[Free-text object descriptions]
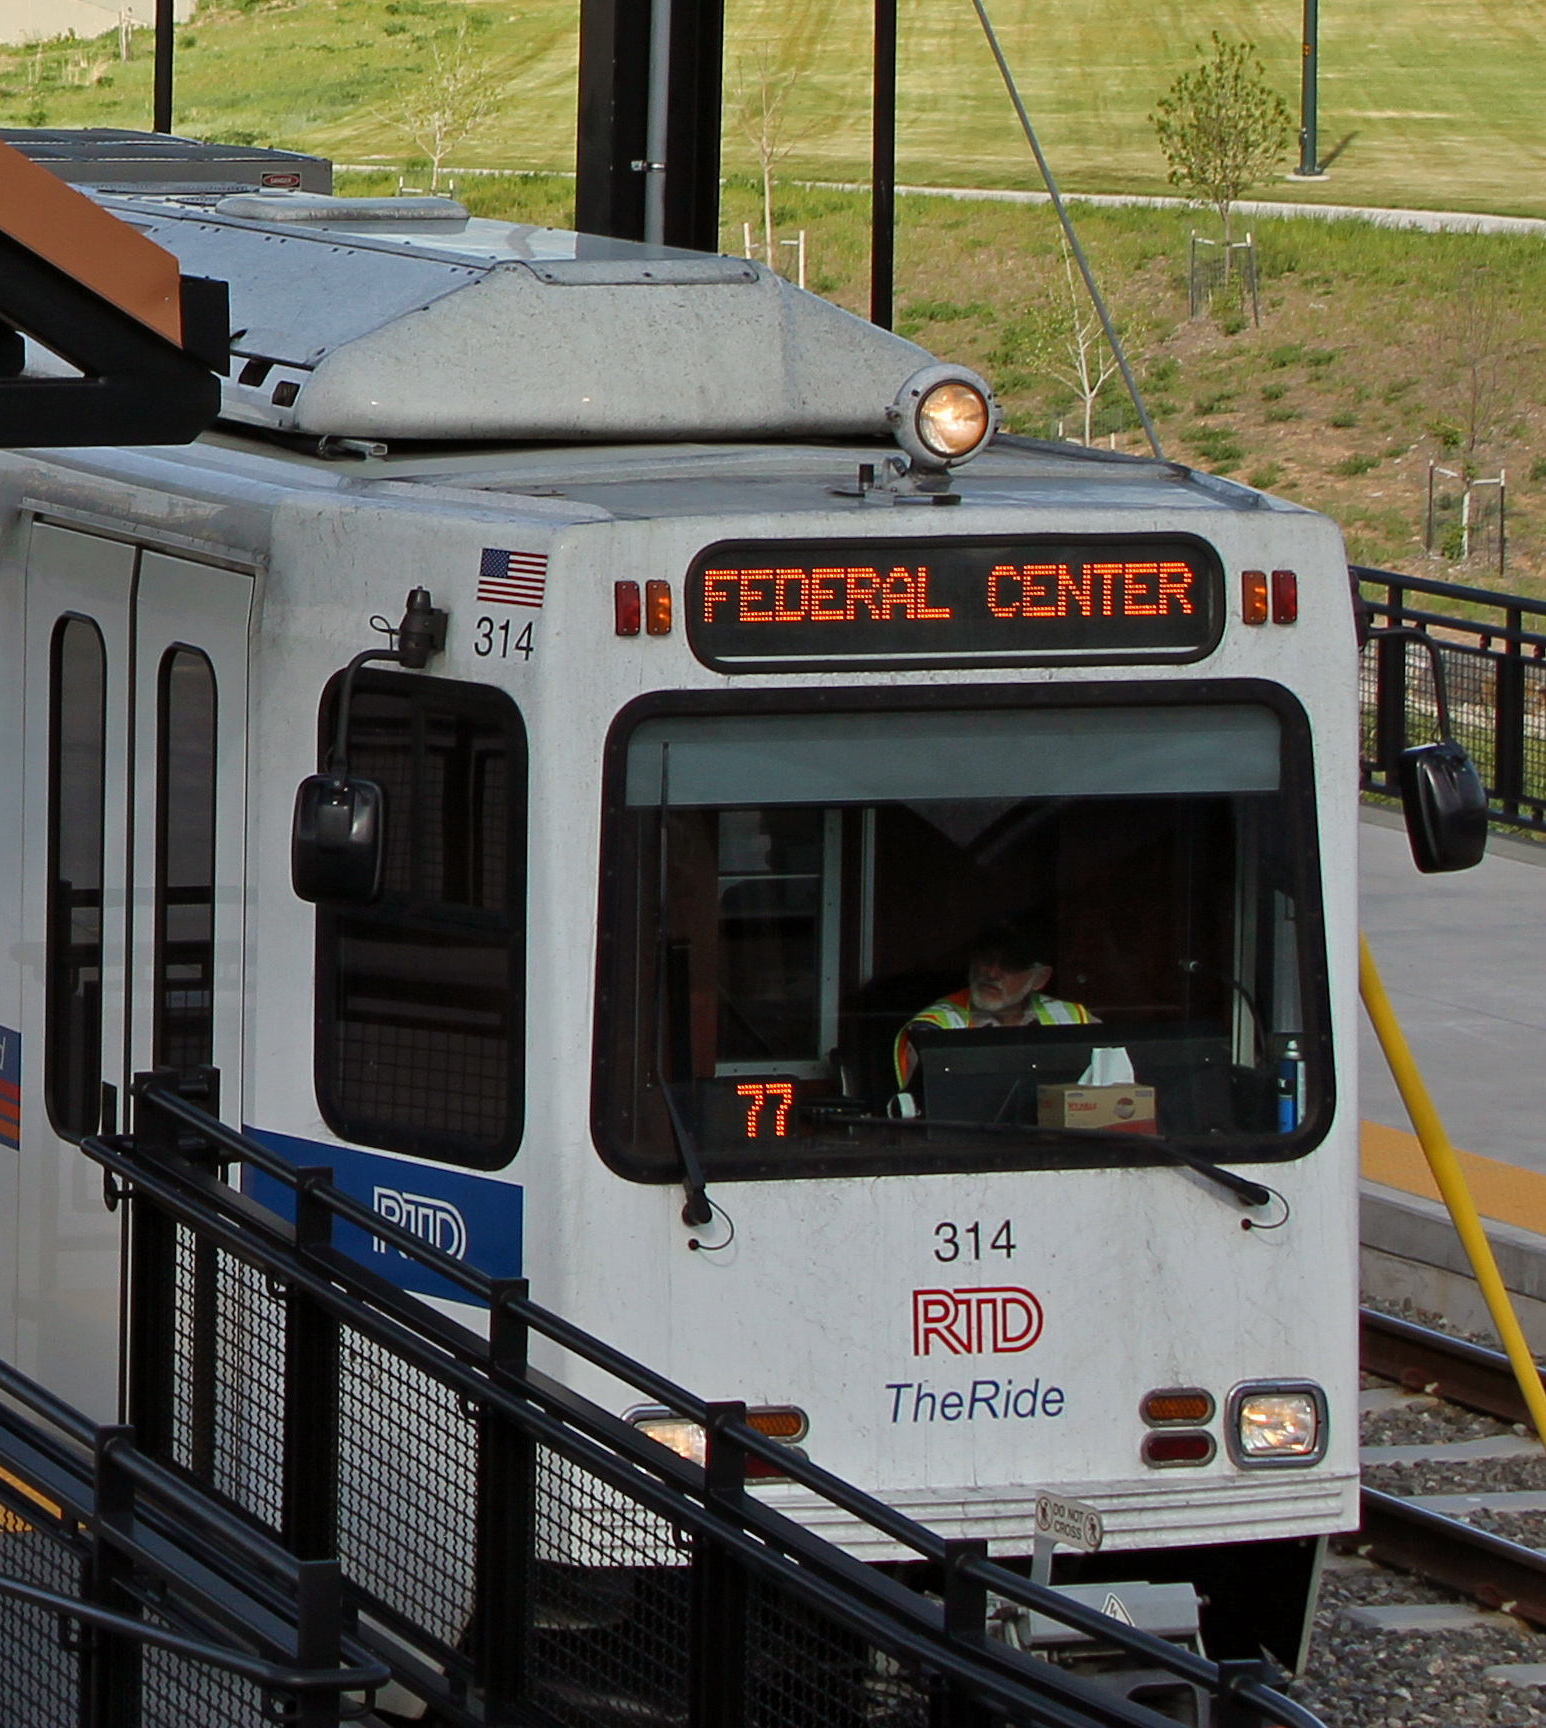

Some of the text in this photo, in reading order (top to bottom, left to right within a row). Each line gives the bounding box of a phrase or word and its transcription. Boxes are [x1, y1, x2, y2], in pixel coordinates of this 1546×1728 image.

[703, 561, 1194, 623] FEDERAL CENTER
[474, 615, 534, 661] 314
[736, 1083, 792, 1139] 77
[933, 1219, 1017, 1263] 314
[912, 1286, 1044, 1357] RTD
[884, 1377, 1066, 1424] TheRide
[1052, 1502, 1084, 1524] DO NOT
[1053, 1520, 1082, 1540] CROSS

→ **Task description**
The response has to be an exact copy of all the data, pictures excluded.

→ **Reply**
Some of the text in this photo, in reading order (top to bottom, left to right within a row). Each line gives the bounding box of a phrase or word and its transcription. Boxes are [x1, y1, x2, y2], in pixel coordinates of this 1546×1728 image.

[703, 561, 1194, 623] FEDERAL CENTER
[474, 615, 534, 661] 314
[736, 1083, 792, 1139] 77
[933, 1219, 1017, 1263] 314
[912, 1286, 1044, 1357] RTD
[884, 1377, 1066, 1424] TheRide
[1052, 1502, 1084, 1524] DO NOT
[1053, 1520, 1082, 1540] CROSS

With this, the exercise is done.